## TASK TO COMPLETE
Retype all data exactly as given. Pictures should not be retyped.

(Beginning of MATERIAL FOR THIS EXERCISE)

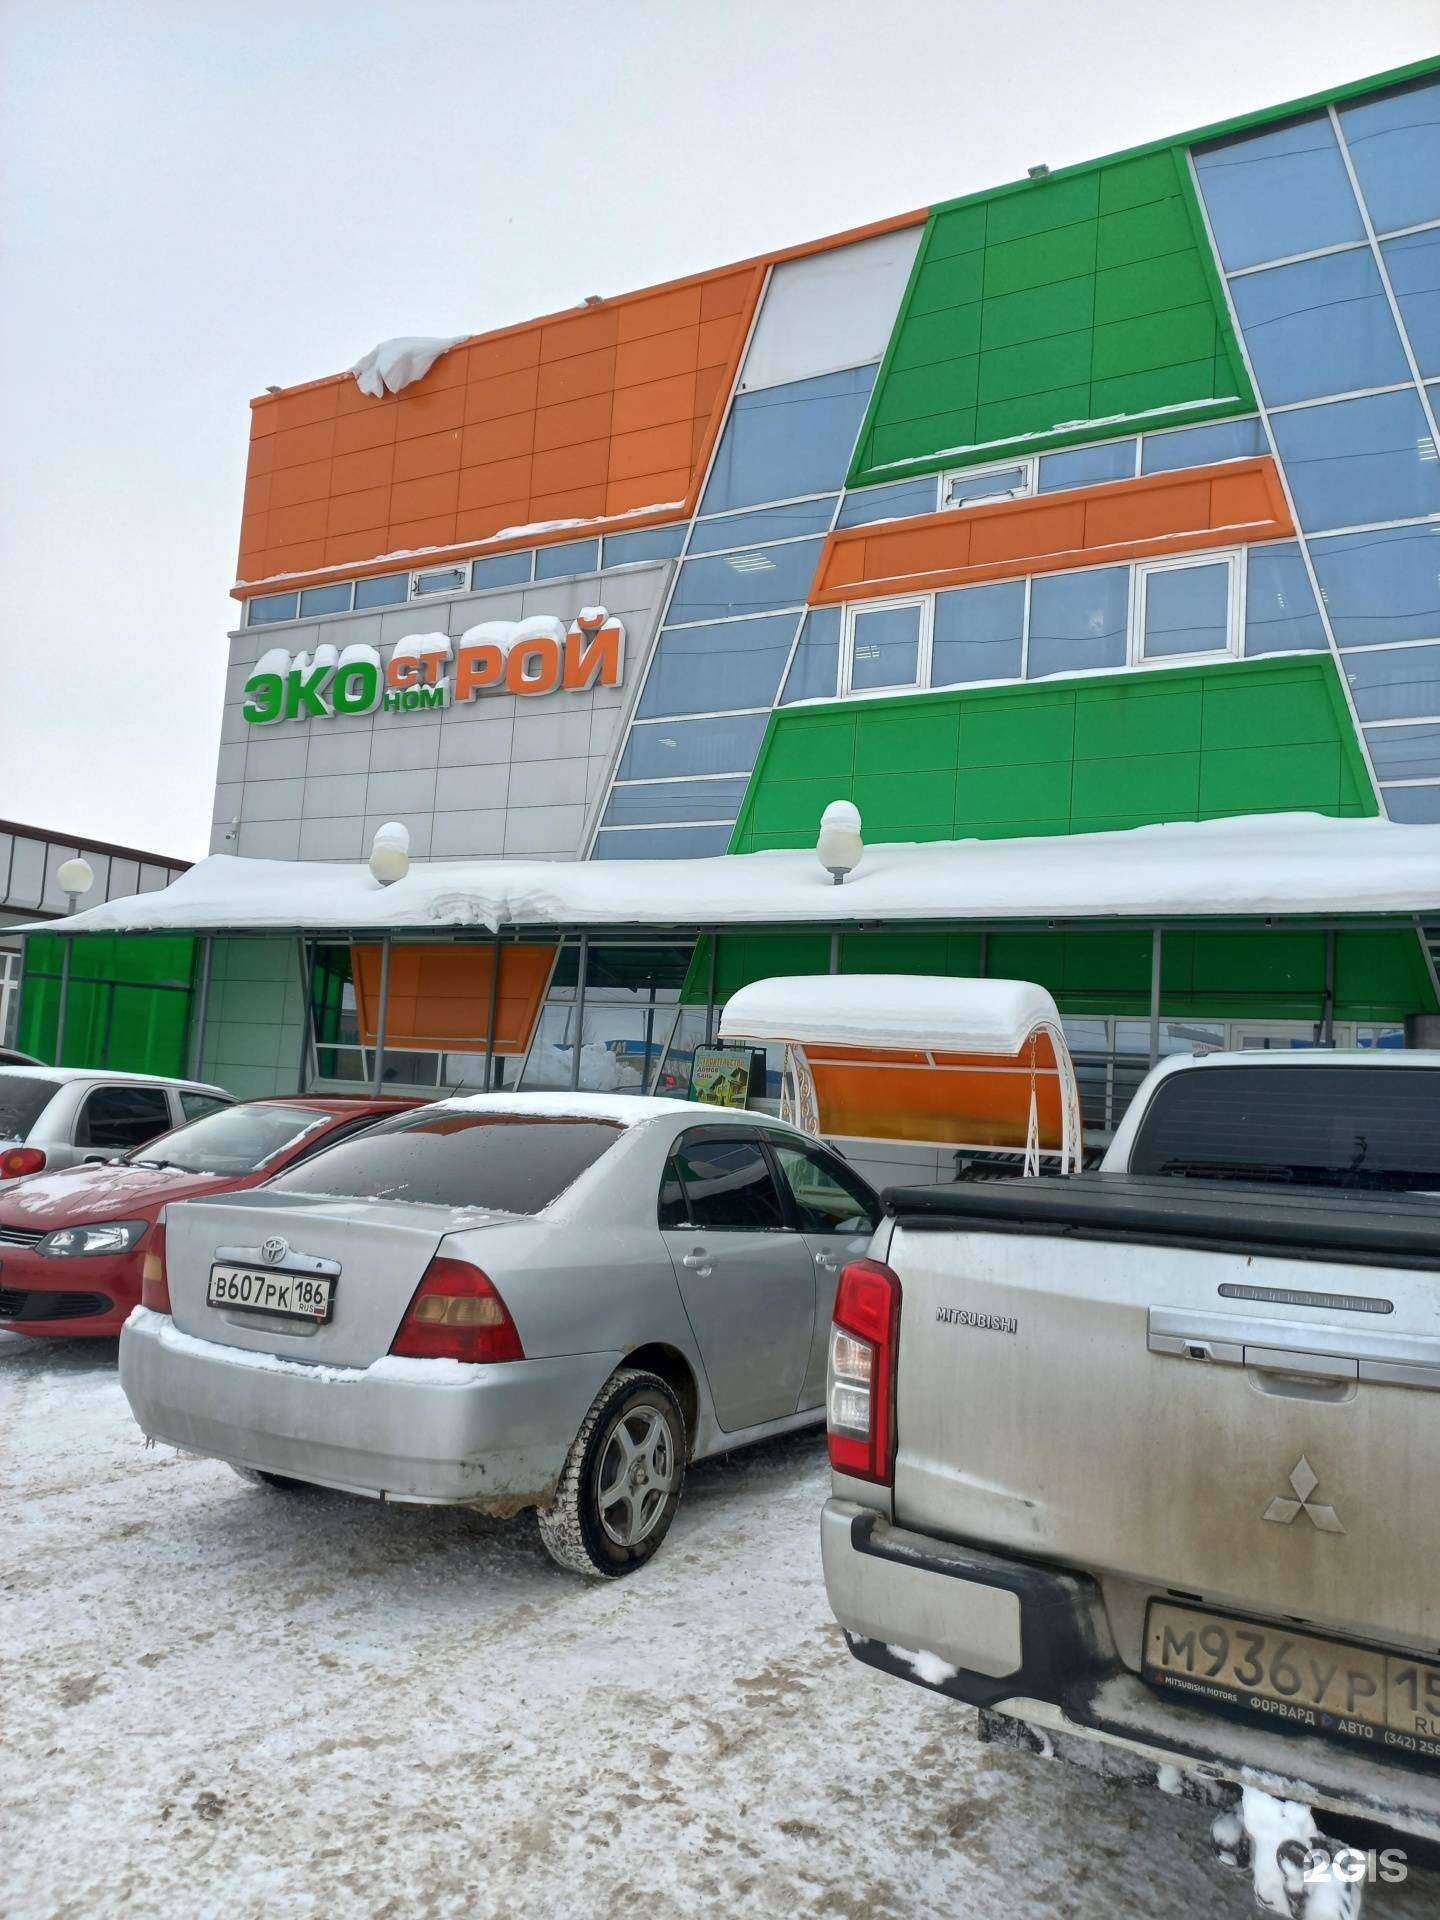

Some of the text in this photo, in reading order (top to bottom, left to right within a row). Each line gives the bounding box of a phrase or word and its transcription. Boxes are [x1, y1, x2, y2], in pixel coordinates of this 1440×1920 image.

[295, 1281, 323, 1305] 186
[298, 1304, 314, 1313] RUS
[935, 1306, 1018, 1334] MITSUBISHI
[1165, 1677, 1238, 1702] MITSUBISHI MOTORS
[1250, 1696, 1315, 1726] ФОРВАРД
[1338, 1719, 1374, 1739] АВТО
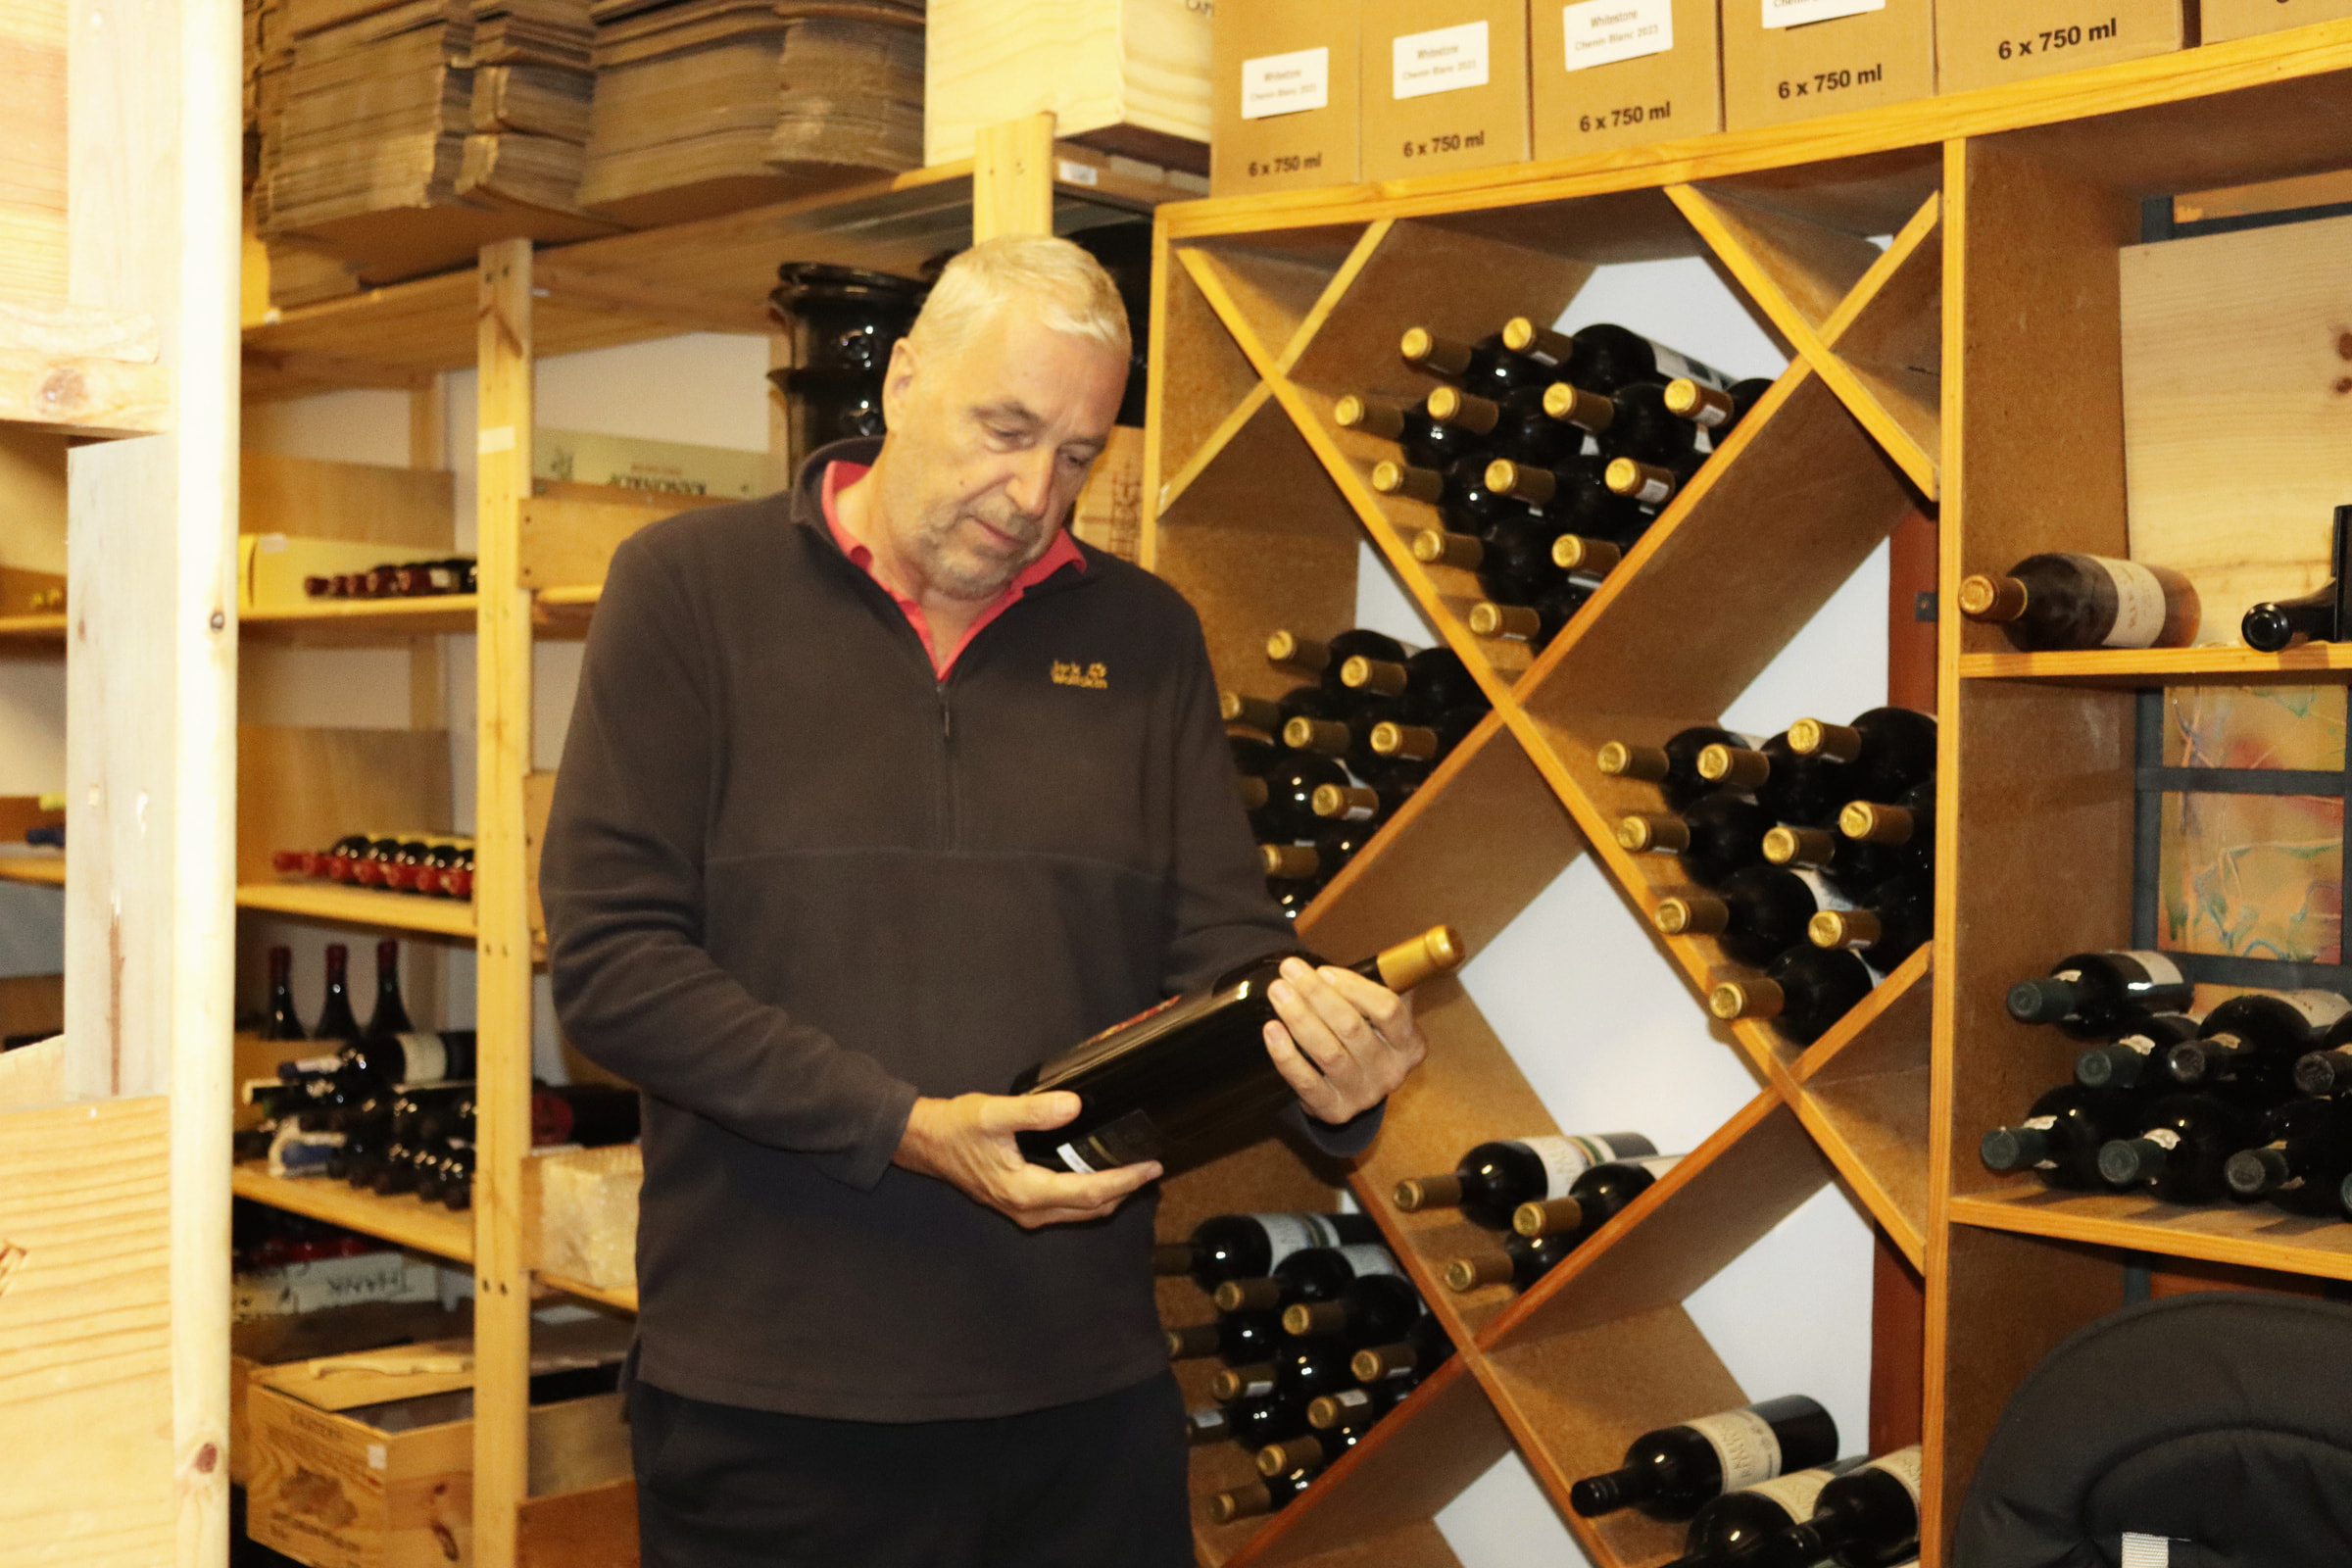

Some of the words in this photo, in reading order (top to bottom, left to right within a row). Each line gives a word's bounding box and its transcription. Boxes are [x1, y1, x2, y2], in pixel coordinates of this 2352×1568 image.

[1591, 9, 1638, 27] Whitestone
[1575, 37, 1606, 51] Chenin
[1608, 30, 1634, 44] Blanc
[1998, 40, 2012, 60] 6
[2019, 40, 2033, 56] x
[2039, 25, 2082, 52] 750
[2088, 18, 2117, 41] ml
[1778, 81, 1790, 99] 6
[1796, 82, 1808, 96] x
[1814, 70, 1851, 93] 750
[1857, 63, 1882, 85] ml
[1580, 115, 1591, 132] 6
[1595, 117, 1606, 129] x
[1611, 106, 1643, 127] 750
[1648, 101, 1671, 121] ml
[1403, 141, 1413, 158] 6
[1417, 144, 1426, 156] x
[1432, 134, 1461, 153] 750
[1465, 130, 1485, 148] ml
[1248, 161, 1258, 176] 6
[1261, 164, 1270, 174] x
[1274, 155, 1300, 172] 750
[1303, 151, 1321, 168] ml

(End of MATERIAL FOR THIS EXERCISE)

## SOLUTION
Some of the text in this photo, in reading order (top to bottom, left to right within a row). Each line gives the bounding box of a phrase or word and its transcription. Boxes are [x1, y1, x2, y2], in pixel coordinates of this 1440×1920 image.

[295, 1281, 323, 1305] 186
[298, 1304, 314, 1313] RUS
[935, 1306, 1018, 1334] MITSUBISHI
[1165, 1677, 1238, 1702] MITSUBISHI MOTORS
[1250, 1696, 1315, 1726] ФОРВАРД
[1338, 1719, 1374, 1739] АВТО

Some of the words in this photo, in reading order (top to bottom, left to right within a row). Each line gives a word's bounding box and its transcription. Boxes are [x1, y1, x2, y2], in pixel coordinates of this 2352×1568 image.

[1591, 9, 1638, 27] Whitestone
[1575, 37, 1606, 51] Chenin
[1608, 30, 1634, 44] Blanc
[1998, 40, 2012, 60] 6
[2019, 40, 2033, 56] x
[2039, 25, 2082, 52] 750
[2088, 18, 2117, 41] ml
[1778, 81, 1790, 99] 6
[1796, 82, 1808, 96] x
[1814, 70, 1851, 93] 750
[1857, 63, 1882, 85] ml
[1580, 115, 1591, 132] 6
[1595, 117, 1606, 129] x
[1611, 106, 1643, 127] 750
[1648, 101, 1671, 121] ml
[1403, 141, 1413, 158] 6
[1417, 144, 1426, 156] x
[1432, 134, 1461, 153] 750
[1465, 130, 1485, 148] ml
[1248, 161, 1258, 176] 6
[1261, 164, 1270, 174] x
[1274, 155, 1300, 172] 750
[1303, 151, 1321, 168] ml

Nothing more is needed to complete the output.